I want this to be a function:

        def predictCrime(...):
            ...
            return importance,quality
    
You can run the function with all the precincts, or with the clusters you created above, but discuss the pros and cons of each scheme. You can use any model. I am ok with multi linear regression, but consider other options: trees, SVM, whatever you have explored in PUI, in other classes, in the EC project. I am not looking for a rigorous assessment. If you use statsmodels for regression you can pull any of the diagnostics in the model.summary() (any of the *appropriate* ones). If you use a machine learning method you can assess via cross validation, seeing how much the score changes between test and training sample. Keep in mind that am definitely more interested in the discussion than in the creation of a "good" model. 

**Discuss explicitly which features are important to predict what** 

# Extra Credit 

I decided to add this as the conversation kept getting pushed toward details of spatial joins during the final reviews. If this all was easy, recreate the percentage of green area in a precinct, the unemployment rate by precinct, and the median income by precinct.

you will need:
a shapefile for the NYC parks which you can access from the https://data.cityofnewyork.us/. With the overlay function get the area of the green spaces contained in a precinct. 
I only selectted the following park subcategories. 

selectedParks = ['Community Park', 'Recreation Field/Courts', 'Triangle/Plaza',
       'Garden', 'Neighborhood Park', 'Nature Area', 'Waterfront Facility',
       'Historic House Park', 'Playground', 
       'Flagship Park', 
       'Jointly Operated Playground', 'Managed Sites']


A census tract shapefile is also accessible through the NYC open data portal or http://www1.nyc.gov/site/planning/data-maps/open-data.page
    
Overlay the census tract and precinct geometries (geopandas.overlay) to get the fraction of each tract in a precinct. This will allow you to create a weighted average of the unemployment percentage and median income.

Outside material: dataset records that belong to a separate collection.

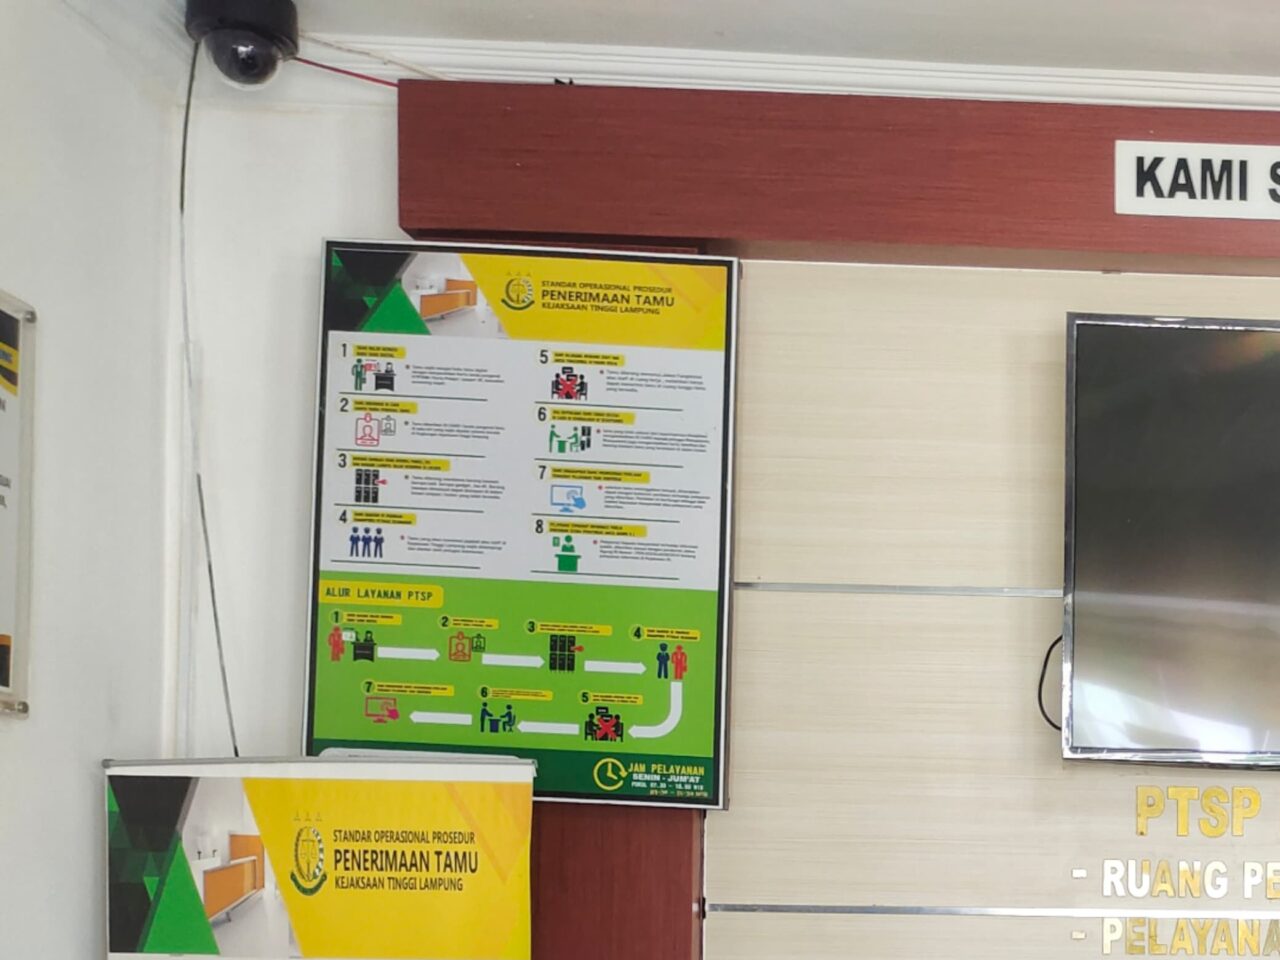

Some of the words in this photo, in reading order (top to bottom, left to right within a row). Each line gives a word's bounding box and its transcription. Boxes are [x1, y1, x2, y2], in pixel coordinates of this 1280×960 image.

[1134, 156, 1249, 201] KAMI
[541, 281, 577, 289] STANDAR
[578, 282, 631, 292] OPERASIONAL
[633, 285, 673, 294] PROSEDUR
[541, 290, 631, 305] PENERIMAAN
[635, 294, 675, 307] TAMU
[541, 302, 588, 312] KEJAKSAAN
[590, 304, 618, 314] TINGGI
[620, 306, 661, 316] LAMPUNG
[341, 343, 347, 358] 1
[539, 349, 549, 364] 5
[339, 397, 349, 413] 2
[537, 406, 547, 422] 6
[337, 453, 347, 469] 3
[538, 465, 547, 480] 7
[338, 509, 348, 524] 4
[535, 519, 544, 534] 8
[325, 587, 351, 598] ALUR
[357, 588, 401, 600] LAYANAN
[407, 590, 433, 601] PTSP
[333, 610, 340, 623] 1
[441, 616, 449, 628] 2
[527, 620, 536, 633] 3
[633, 626, 642, 640] 4
[364, 681, 373, 693] 7
[480, 686, 489, 698] 6
[581, 691, 589, 704] 5
[632, 773, 661, 781] SENIN
[651, 763, 705, 776] PELAYANAN
[1135, 785, 1262, 838] PTSP
[333, 829, 372, 843] STANDAR
[374, 830, 430, 844] OPERASIONAL
[432, 831, 476, 845] PROSEDUR
[334, 849, 430, 873] PENERIMAAN
[433, 850, 479, 873] TAMU
[335, 876, 385, 891] KEJAKSAAN
[387, 877, 418, 891] TINGGI
[419, 877, 463, 892] LAMPUNG
[1102, 859, 1229, 900] RUANG
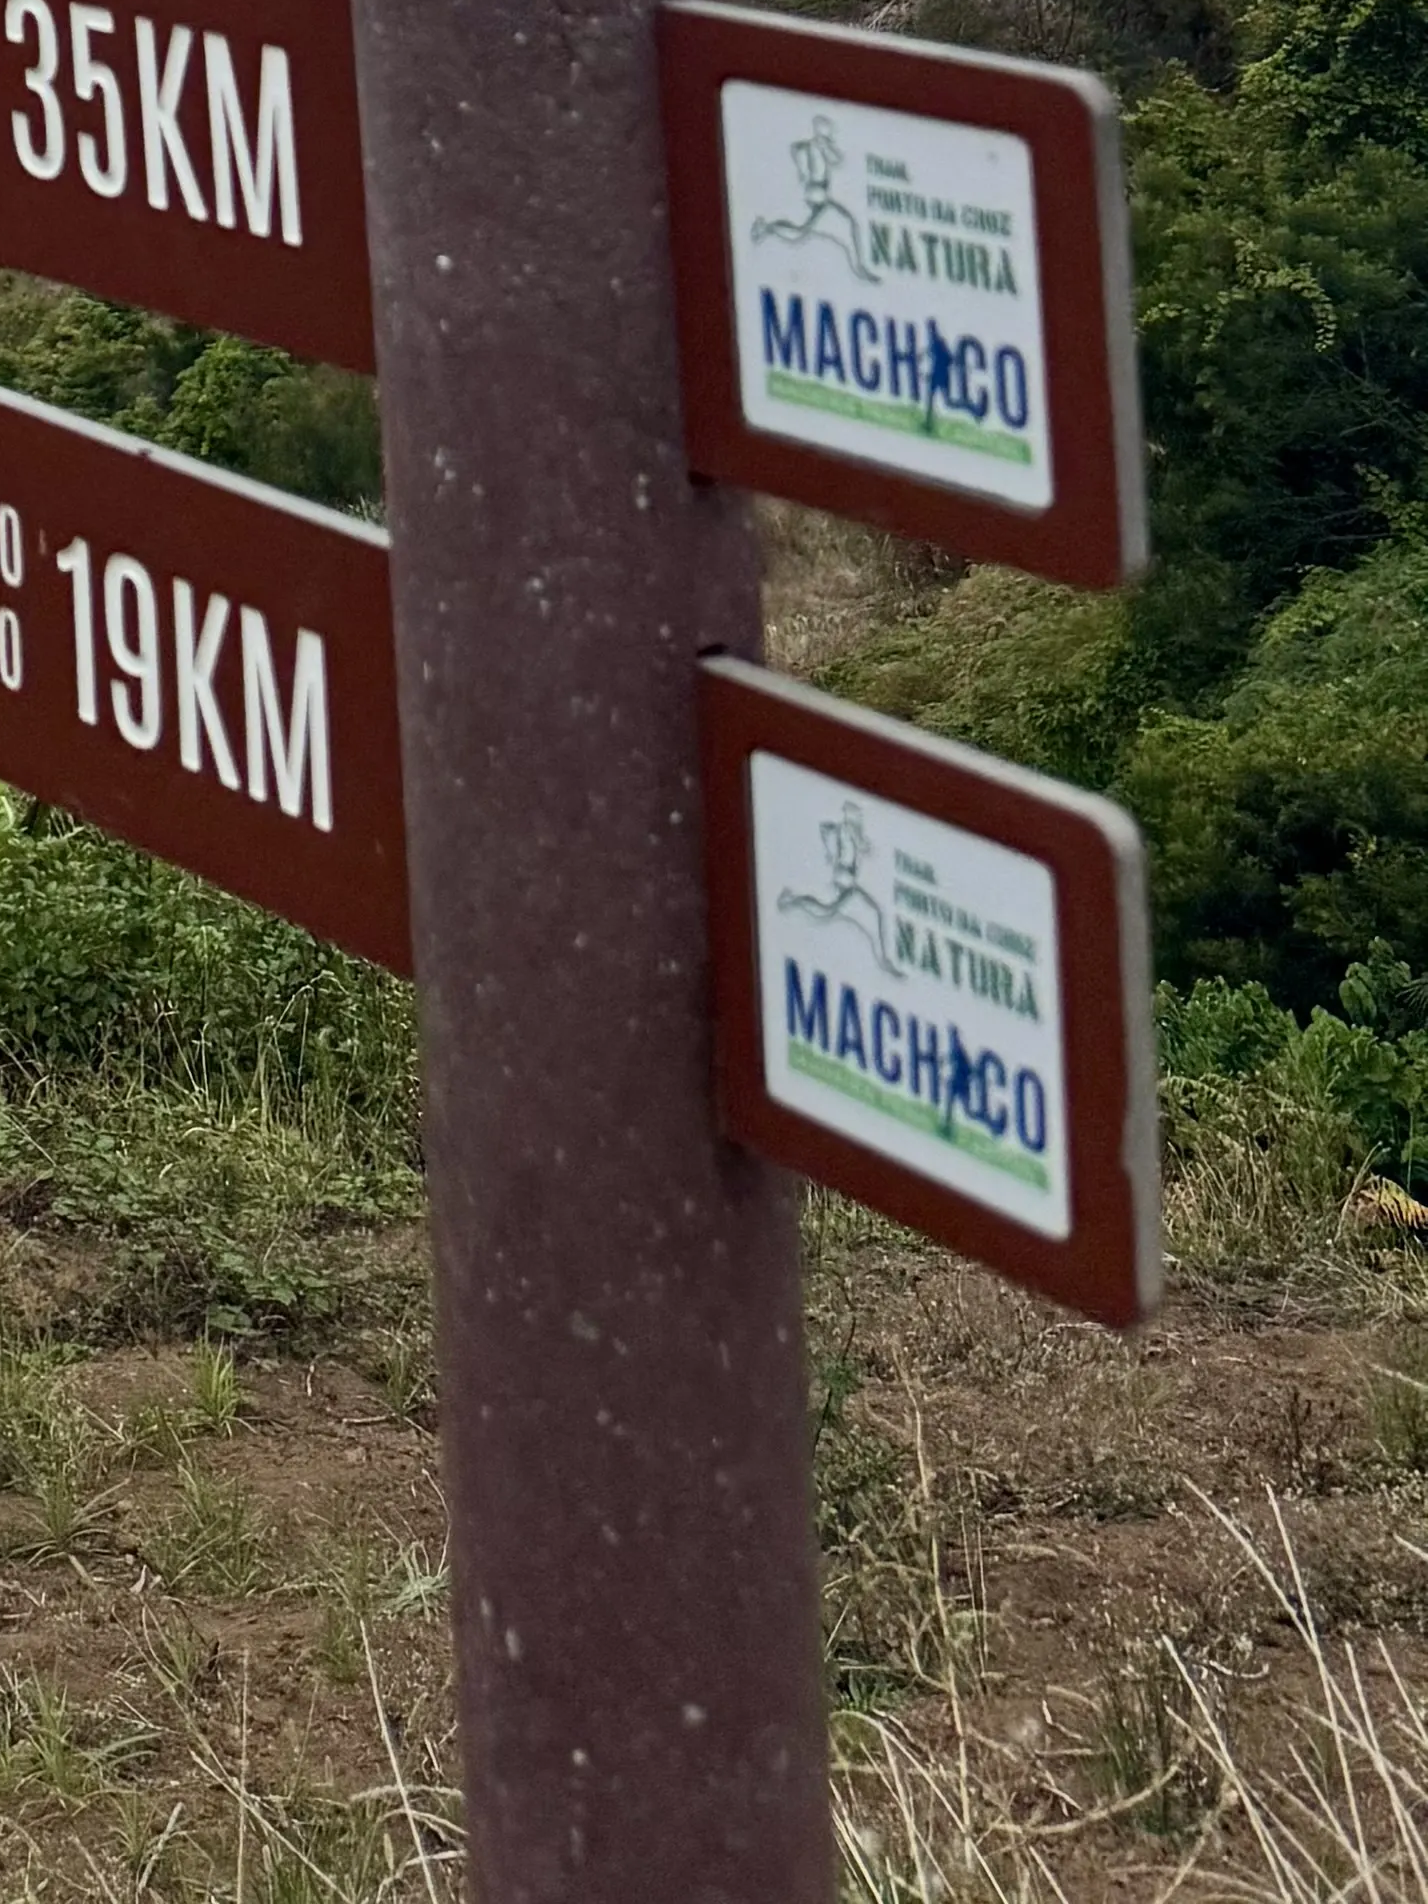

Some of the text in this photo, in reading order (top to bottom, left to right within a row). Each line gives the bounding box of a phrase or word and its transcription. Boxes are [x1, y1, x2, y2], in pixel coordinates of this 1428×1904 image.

[869, 220, 1018, 296] NATURA
[960, 205, 1012, 237] CRUZ
[760, 287, 1029, 431] MACHICO
[56, 537, 333, 833] 19KM
[896, 914, 1040, 1022] NATURA
[785, 958, 1045, 1152] MACHICO
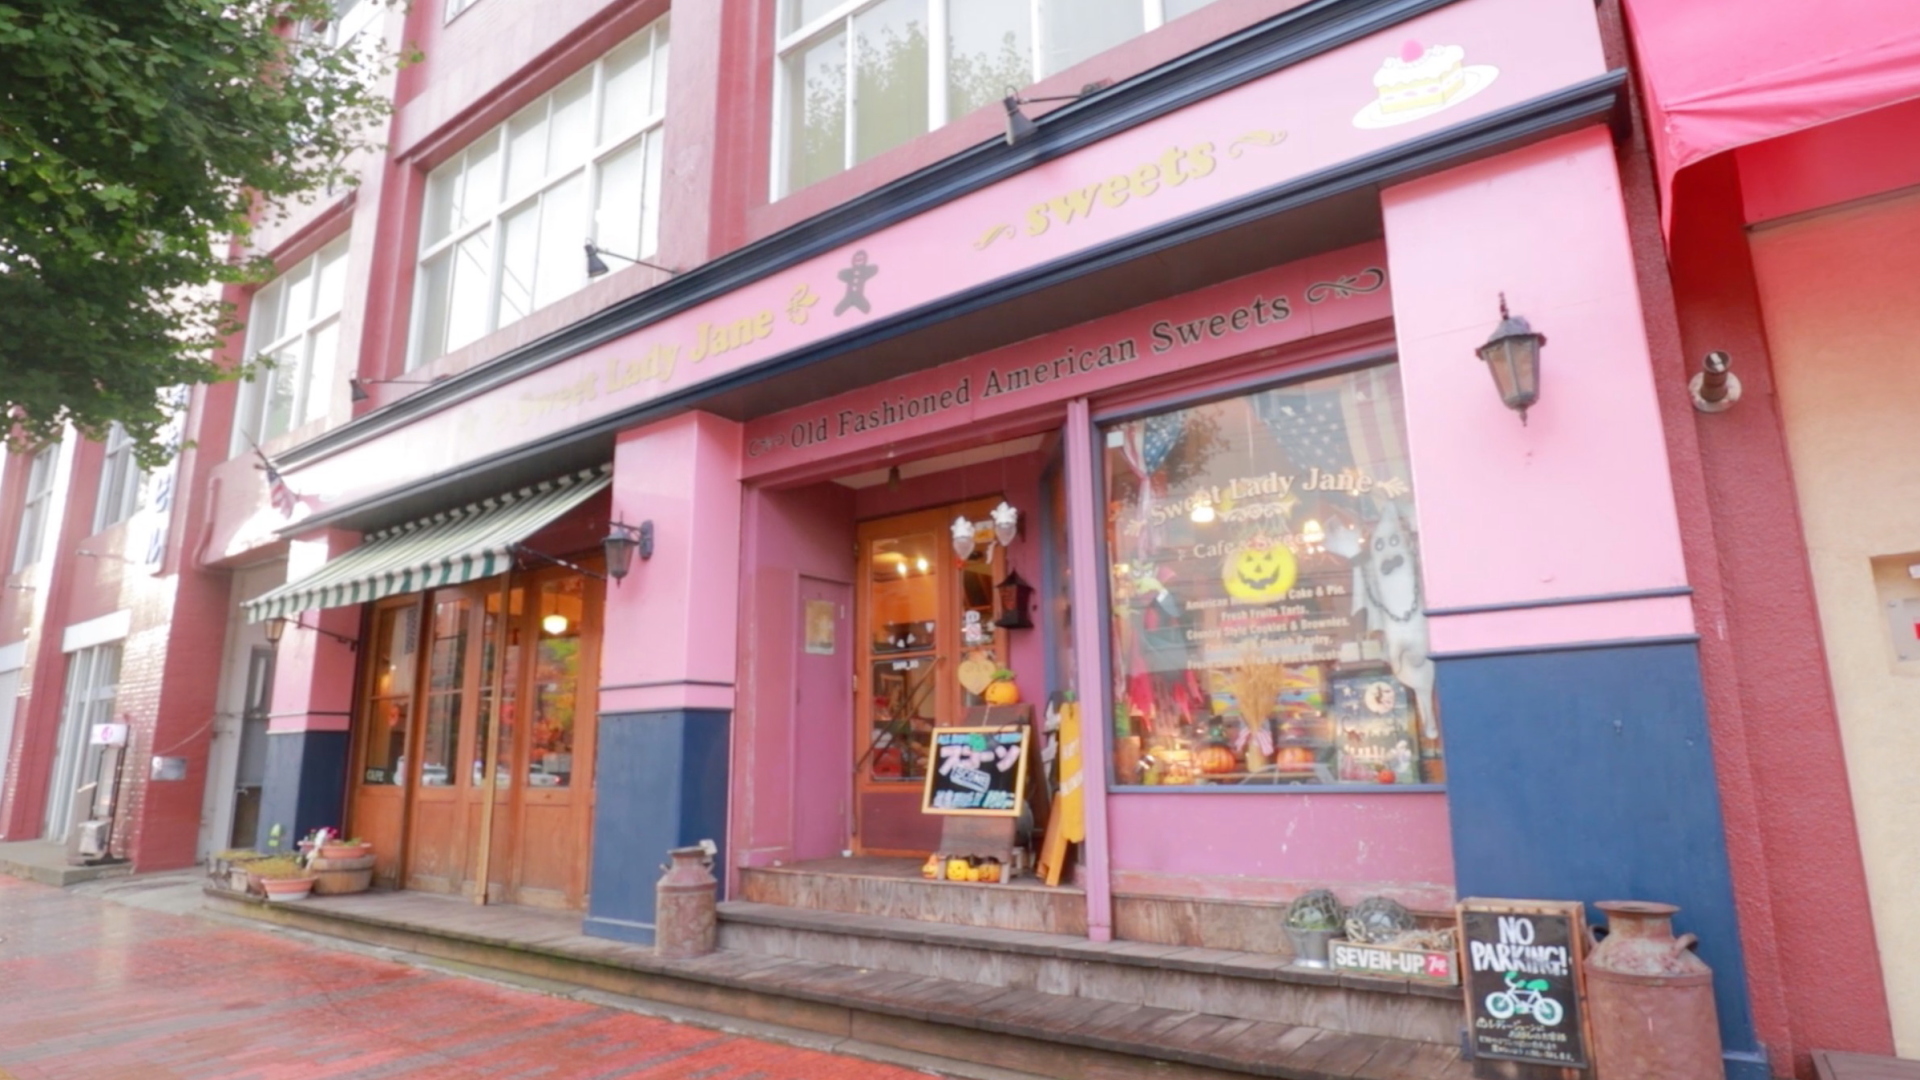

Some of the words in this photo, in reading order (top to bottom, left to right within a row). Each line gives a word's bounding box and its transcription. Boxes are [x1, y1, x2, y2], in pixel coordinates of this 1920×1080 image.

[1025, 141, 1217, 237] sweets
[518, 371, 599, 427] Sweet
[605, 343, 680, 394] Lady
[689, 310, 775, 363] Jane
[790, 417, 829, 449] Old
[838, 378, 971, 438] Fashioned
[983, 337, 1138, 399] American
[1149, 296, 1292, 354] Sweets
[1229, 472, 1295, 501] Lady
[1302, 467, 1373, 493] Jane
[1193, 539, 1236, 559] Cafe
[1185, 598, 1229, 611] American
[1288, 588, 1314, 601] Cake
[1221, 608, 1249, 621] Fresh
[1250, 622, 1288, 635] Cookies
[1498, 916, 1535, 946] NO
[1335, 946, 1425, 974] SEVEN-UP
[1470, 940, 1568, 976] PARKING!

You will need tree features from the American Community Survey which you can find on American Fact Finder.   
If, as they should, these are accessed through the API your API link should begin with https://api.census.gov/ (e.g. [5 year ACS](https://www.census.gov/data/developers/data-sets/acs-5year.html))

- the 2015  5 year ACS survey unemployment data by census tract (the total number of individuals is available through the API at the census tract geometry aggregation level. 

- the 2015  5 year ACS survey total count of people by census tract (to generate the unemployment percentage).

- the 2015  5 year ACS survey median income by census tract.

Some precinct geometries will fail, and likely will report that the operation is not doable with MultiPolygons. These operations are actually doable with MultyPolygons, but some of the precincts have non valid geometries. For those you can use the convex hull (pctshp.geometry.map(lambda x: x.convex_hull)) to get the intersection, with some loss (is the loss in accuracy or precision?)